Essentially, I want to put the `permits` list on Sandwich, and
    have `WithCheese` and friends delegate their permits to
    `Sandwich`, rather than having each interface enumerate their
    subtypes.


I'm not sure to understand why this case is special enough to get a special way of delegating the "sealness" (the fact to be sealed, i don't know if there is a term in English for that) apart that it would be cool to have it.

The tradeoff of sealing is that you have to maintain an explicit list of permitted subtypes (unless you're lucky enough that your whole hierarchy fits in one file.)  That's fine, but if you program in the Sandwich style outlined in this thread (which is a reasonable style for modeling some domains), you end up having to write O(n) permits lists, and keep them in sync.  This is annoying for both code writers and readers; gunking up the declaration of WithCheese (which is a pretty abstract concept) with a list of concrete cheese-bearing sandwiches feels out of place.
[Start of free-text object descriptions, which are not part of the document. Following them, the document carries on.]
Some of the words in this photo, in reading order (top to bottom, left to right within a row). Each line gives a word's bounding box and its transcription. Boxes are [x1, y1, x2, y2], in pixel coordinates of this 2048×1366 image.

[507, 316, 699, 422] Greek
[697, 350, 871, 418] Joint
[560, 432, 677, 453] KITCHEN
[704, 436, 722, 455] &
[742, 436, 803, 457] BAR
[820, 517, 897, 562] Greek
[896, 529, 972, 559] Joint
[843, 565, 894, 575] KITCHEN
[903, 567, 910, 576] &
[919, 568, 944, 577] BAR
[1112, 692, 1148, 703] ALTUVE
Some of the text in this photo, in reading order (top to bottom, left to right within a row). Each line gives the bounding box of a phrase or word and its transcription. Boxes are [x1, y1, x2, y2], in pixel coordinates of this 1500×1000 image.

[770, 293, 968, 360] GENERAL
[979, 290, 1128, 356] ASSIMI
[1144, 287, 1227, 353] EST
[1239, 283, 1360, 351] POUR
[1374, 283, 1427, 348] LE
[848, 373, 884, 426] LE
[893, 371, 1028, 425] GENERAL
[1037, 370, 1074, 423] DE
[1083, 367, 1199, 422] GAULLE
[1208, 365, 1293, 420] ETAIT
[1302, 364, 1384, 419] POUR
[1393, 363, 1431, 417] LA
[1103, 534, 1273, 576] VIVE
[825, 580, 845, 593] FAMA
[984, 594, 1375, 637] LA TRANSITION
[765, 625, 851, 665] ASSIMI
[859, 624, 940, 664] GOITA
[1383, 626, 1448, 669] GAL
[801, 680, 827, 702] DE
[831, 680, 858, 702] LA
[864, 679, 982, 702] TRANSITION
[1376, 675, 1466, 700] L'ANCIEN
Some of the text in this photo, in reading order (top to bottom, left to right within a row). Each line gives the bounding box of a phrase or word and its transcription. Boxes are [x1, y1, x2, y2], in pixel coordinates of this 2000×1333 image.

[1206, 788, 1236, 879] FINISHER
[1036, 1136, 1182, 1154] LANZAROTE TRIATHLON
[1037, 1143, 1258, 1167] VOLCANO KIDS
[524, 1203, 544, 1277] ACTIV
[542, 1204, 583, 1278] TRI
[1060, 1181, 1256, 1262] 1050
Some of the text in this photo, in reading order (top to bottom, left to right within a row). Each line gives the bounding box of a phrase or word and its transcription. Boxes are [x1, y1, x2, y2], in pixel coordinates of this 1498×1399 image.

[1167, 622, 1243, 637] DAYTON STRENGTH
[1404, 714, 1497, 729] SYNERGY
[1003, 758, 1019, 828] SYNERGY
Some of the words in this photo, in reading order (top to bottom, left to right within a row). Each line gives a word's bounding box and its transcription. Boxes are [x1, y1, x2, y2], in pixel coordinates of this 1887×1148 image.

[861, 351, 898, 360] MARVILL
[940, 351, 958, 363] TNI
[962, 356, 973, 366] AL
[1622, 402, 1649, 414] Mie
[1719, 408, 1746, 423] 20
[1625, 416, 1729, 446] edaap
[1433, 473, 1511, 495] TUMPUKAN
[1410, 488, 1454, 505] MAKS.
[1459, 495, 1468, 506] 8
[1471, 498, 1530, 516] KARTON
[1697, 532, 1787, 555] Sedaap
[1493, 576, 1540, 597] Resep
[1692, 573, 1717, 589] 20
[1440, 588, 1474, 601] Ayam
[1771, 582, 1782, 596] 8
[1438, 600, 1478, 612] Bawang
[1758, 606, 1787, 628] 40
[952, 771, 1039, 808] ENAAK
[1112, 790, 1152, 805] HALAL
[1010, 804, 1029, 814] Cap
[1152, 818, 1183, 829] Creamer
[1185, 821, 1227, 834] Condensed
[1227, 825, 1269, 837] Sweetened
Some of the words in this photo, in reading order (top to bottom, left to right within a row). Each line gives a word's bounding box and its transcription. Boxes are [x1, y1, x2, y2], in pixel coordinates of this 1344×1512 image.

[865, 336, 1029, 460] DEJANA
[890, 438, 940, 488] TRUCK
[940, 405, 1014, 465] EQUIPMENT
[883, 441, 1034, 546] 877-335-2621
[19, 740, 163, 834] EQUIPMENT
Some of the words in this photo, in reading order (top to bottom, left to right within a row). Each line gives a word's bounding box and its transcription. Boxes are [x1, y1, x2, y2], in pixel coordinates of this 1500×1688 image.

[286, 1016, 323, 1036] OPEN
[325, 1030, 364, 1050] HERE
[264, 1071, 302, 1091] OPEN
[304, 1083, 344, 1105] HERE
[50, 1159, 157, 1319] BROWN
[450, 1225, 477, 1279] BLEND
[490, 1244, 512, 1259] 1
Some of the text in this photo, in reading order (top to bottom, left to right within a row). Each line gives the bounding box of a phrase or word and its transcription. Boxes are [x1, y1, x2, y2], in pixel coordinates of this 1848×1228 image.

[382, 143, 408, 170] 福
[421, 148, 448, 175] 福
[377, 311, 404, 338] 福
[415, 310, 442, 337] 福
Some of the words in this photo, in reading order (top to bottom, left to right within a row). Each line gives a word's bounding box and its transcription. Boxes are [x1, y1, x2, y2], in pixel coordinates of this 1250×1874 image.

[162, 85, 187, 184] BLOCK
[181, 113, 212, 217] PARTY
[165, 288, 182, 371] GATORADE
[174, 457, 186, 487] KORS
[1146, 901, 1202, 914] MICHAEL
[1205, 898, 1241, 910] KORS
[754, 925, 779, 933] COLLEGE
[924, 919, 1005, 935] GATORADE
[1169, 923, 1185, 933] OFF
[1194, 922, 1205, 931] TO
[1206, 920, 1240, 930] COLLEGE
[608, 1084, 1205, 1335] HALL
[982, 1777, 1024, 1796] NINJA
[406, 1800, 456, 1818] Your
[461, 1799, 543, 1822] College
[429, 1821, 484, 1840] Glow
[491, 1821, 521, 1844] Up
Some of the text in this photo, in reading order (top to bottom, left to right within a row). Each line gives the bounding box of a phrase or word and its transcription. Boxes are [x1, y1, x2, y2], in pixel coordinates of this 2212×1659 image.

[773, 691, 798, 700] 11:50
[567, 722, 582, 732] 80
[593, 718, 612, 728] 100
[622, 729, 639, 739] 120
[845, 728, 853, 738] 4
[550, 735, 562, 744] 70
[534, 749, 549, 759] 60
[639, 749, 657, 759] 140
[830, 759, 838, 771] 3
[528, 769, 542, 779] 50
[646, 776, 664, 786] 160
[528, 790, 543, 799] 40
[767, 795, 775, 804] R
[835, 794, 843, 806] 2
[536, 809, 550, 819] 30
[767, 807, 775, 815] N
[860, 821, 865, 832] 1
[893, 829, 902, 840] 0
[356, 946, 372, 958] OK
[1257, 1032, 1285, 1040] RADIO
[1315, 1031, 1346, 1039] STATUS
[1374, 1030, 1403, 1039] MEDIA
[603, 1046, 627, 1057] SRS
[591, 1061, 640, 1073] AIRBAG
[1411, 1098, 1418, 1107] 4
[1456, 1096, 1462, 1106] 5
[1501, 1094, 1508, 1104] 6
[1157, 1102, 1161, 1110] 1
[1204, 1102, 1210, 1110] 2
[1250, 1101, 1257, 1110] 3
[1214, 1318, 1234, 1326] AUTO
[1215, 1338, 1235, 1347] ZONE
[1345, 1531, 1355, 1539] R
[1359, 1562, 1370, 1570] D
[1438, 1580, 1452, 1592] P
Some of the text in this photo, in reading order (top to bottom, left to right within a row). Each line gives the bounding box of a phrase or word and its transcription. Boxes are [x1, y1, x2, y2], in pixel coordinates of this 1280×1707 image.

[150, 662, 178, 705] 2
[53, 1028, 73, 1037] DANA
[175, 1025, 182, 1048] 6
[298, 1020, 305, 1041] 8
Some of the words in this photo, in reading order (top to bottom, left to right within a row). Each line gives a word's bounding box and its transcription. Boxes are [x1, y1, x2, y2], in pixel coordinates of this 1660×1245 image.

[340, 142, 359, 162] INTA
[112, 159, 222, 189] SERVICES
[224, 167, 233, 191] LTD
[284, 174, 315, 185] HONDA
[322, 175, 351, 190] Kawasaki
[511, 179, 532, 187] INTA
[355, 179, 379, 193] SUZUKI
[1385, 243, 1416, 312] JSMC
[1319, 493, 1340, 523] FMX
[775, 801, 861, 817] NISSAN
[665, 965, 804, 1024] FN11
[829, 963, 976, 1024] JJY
Delegating the "sealness" in that direction, from an interface which subtypes are subtypes to the sealed type, seems less readable that the other direction, from the sealed type to the interface that will have subtypes that implement the sealed type.

Sure, there's other ways to paint the shed, but the concept here is: WithCheese only makes sense in the context of Sandwich (according to this sandwich restaurant.)  This is the concept we're trying to capture; it could be at the declaration of the interface, or at the declaration of Sandwich.